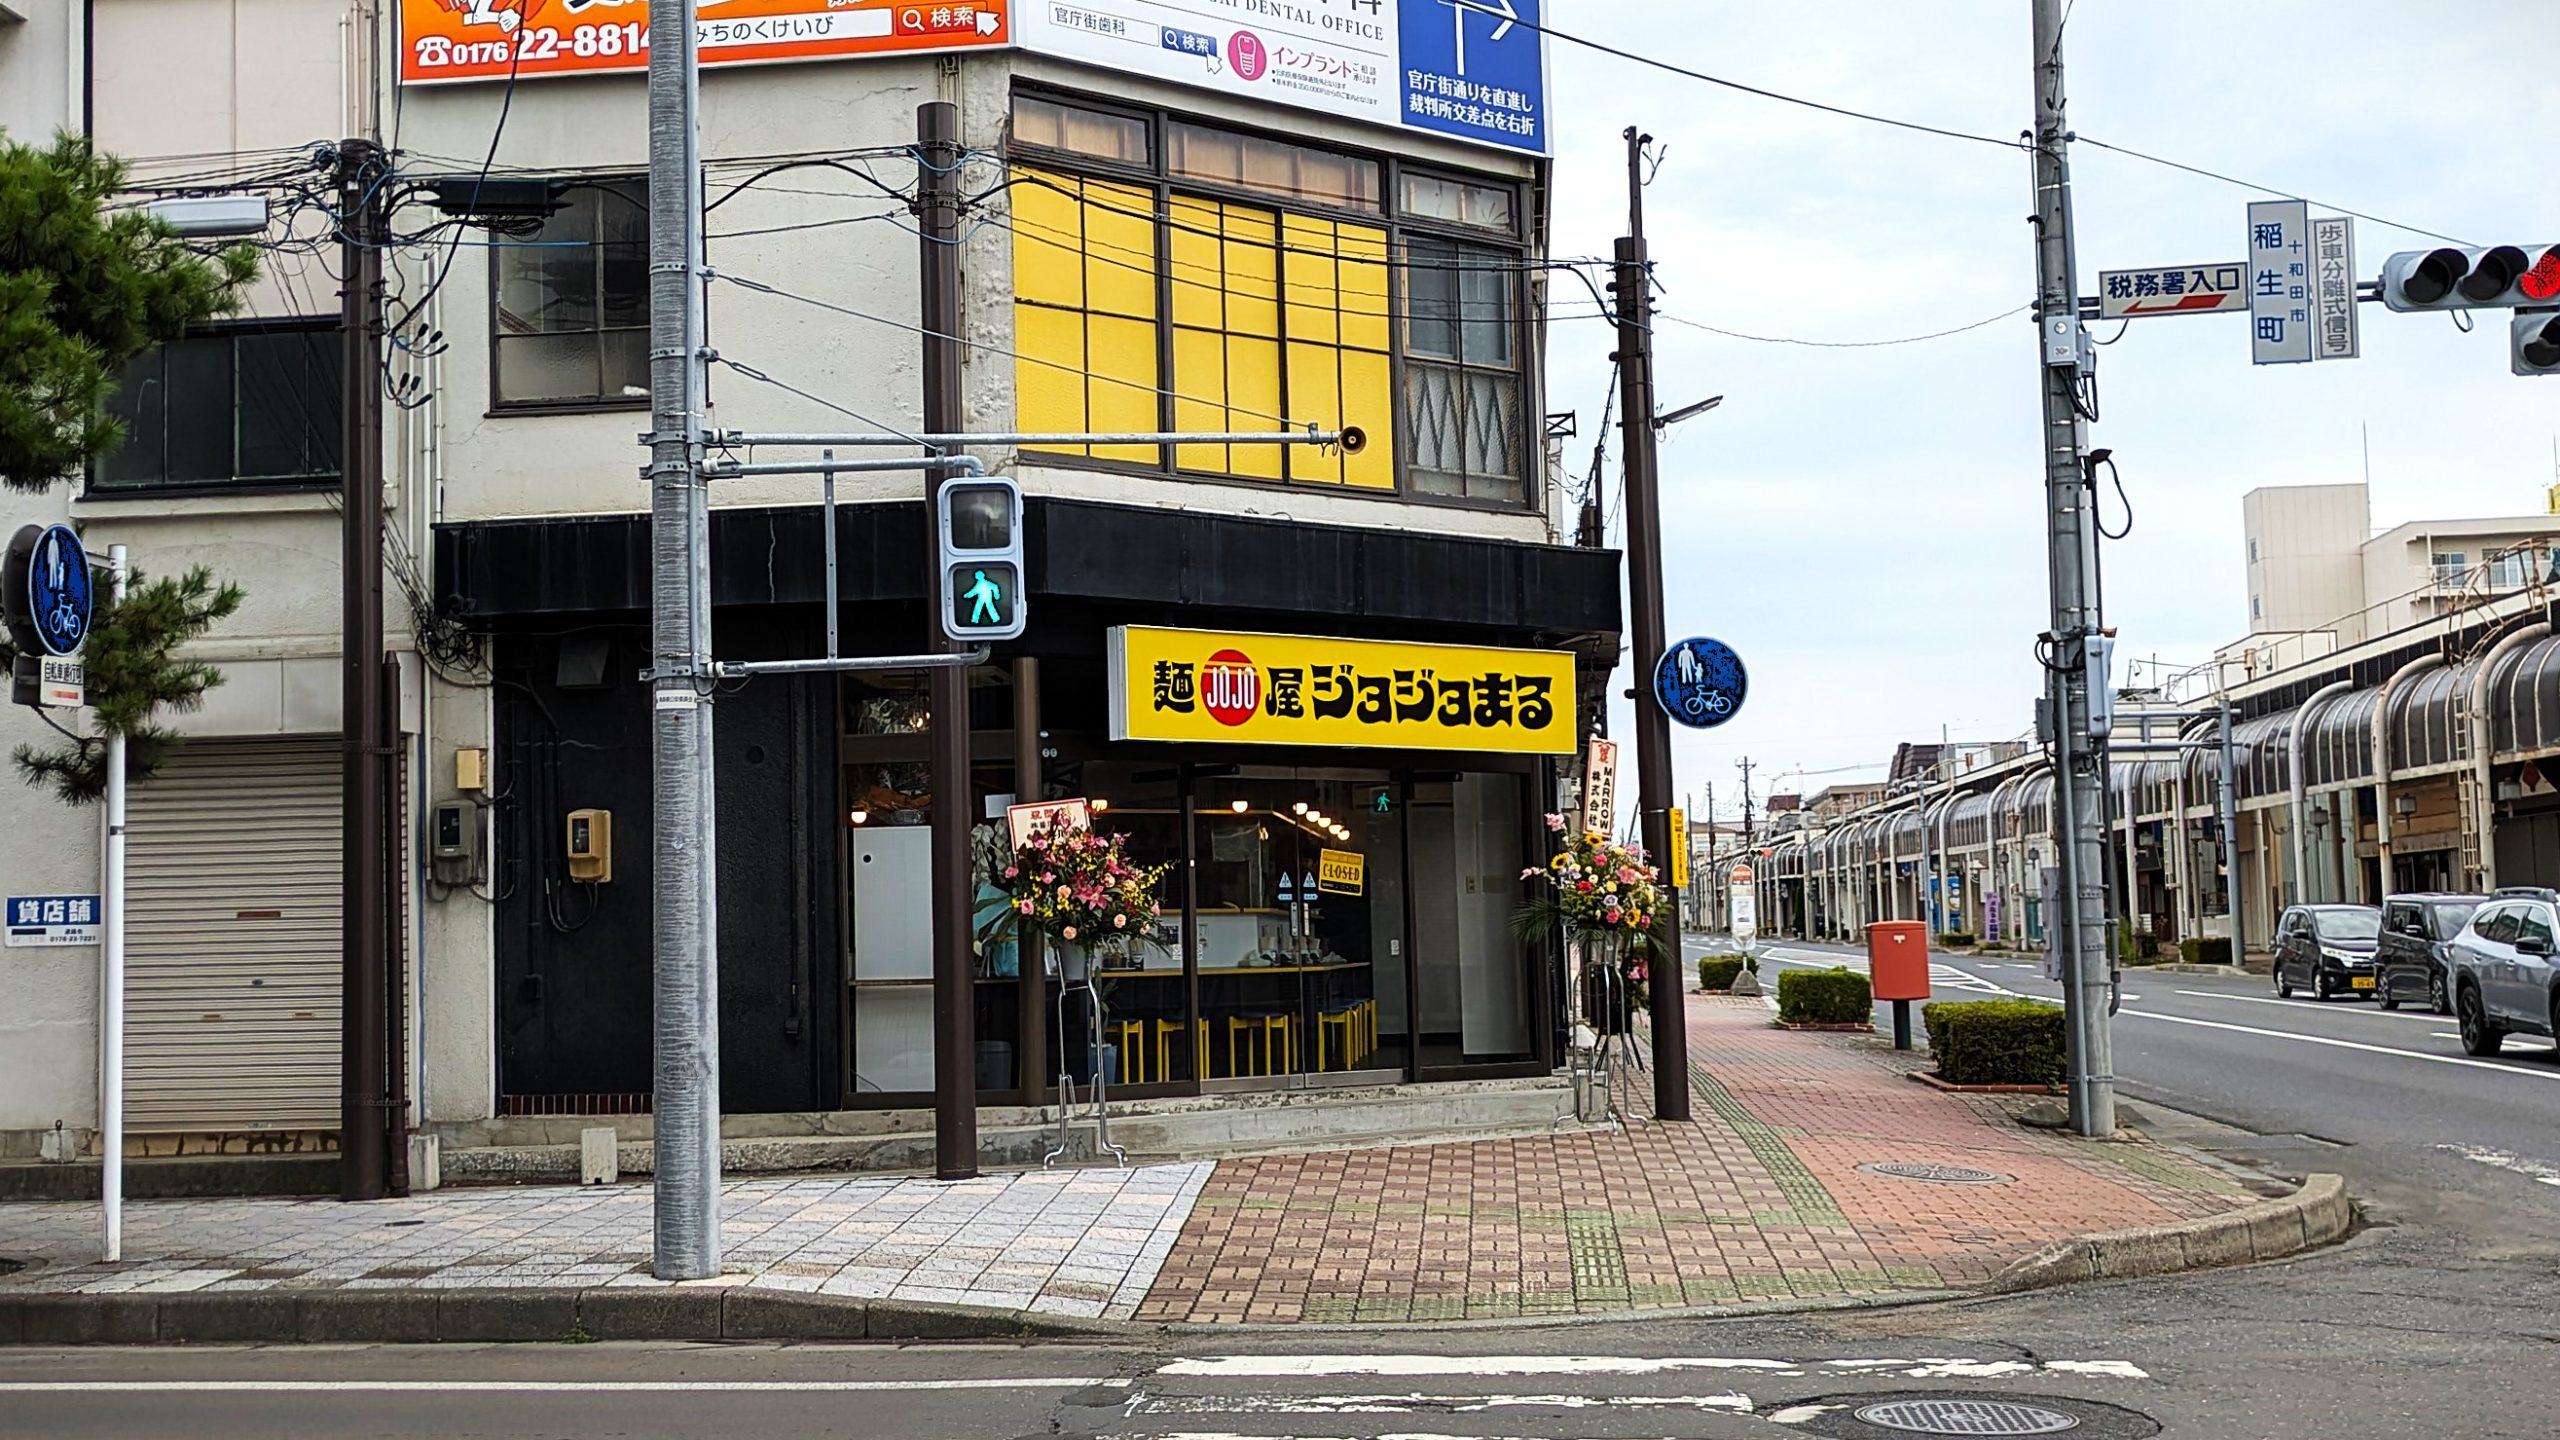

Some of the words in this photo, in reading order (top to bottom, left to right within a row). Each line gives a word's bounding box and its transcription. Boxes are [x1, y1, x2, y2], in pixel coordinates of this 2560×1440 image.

[930, 7, 975, 28] 検索
[1055, 7, 1125, 36] 官庁街歯科
[1246, 0, 1315, 25] DENTAL
[1322, 14, 1384, 41] OFFICE
[452, 41, 508, 65] 0176
[1182, 33, 1210, 53] 検索
[1272, 46, 1352, 79] インプラント
[1407, 69, 1534, 113] 官庁街通りを直進し
[1409, 93, 1535, 137] 裁判所交差点を右折
[2107, 268, 2240, 300] 税務署入口
[2254, 222, 2285, 343] 稲生町
[2288, 239, 2305, 323] 十和田市
[2319, 225, 2349, 353] 歩車分離式信号
[1588, 770, 1601, 827] 株式会社
[1600, 766, 1613, 830] MARROW
[1323, 863, 1360, 881] CLOSED
[17, 899, 92, 924] 貸店舗

____________

● WORK REQUIRED: Could you set down the records above exactly, skipping any picture?

● SOLUTION FOR THIS PROBLEM:
Some of the words in this photo, in reading order (top to bottom, left to right within a row). Each line gives a word's bounding box and its transcription. Boxes are [x1, y1, x2, y2], in pixel coordinates of this 2560×1440 image.

[930, 7, 975, 28] 検索
[1055, 7, 1125, 36] 官庁街歯科
[1246, 0, 1315, 25] DENTAL
[1322, 14, 1384, 41] OFFICE
[452, 41, 508, 65] 0176
[1182, 33, 1210, 53] 検索
[1272, 46, 1352, 79] インプラント
[1407, 69, 1534, 113] 官庁街通りを直進し
[1409, 93, 1535, 137] 裁判所交差点を右折
[2107, 268, 2240, 300] 税務署入口
[2254, 222, 2285, 343] 稲生町
[2288, 239, 2305, 323] 十和田市
[2319, 225, 2349, 353] 歩車分離式信号
[1588, 770, 1601, 827] 株式会社
[1600, 766, 1613, 830] MARROW
[1323, 863, 1360, 881] CLOSED
[17, 899, 92, 924] 貸店舗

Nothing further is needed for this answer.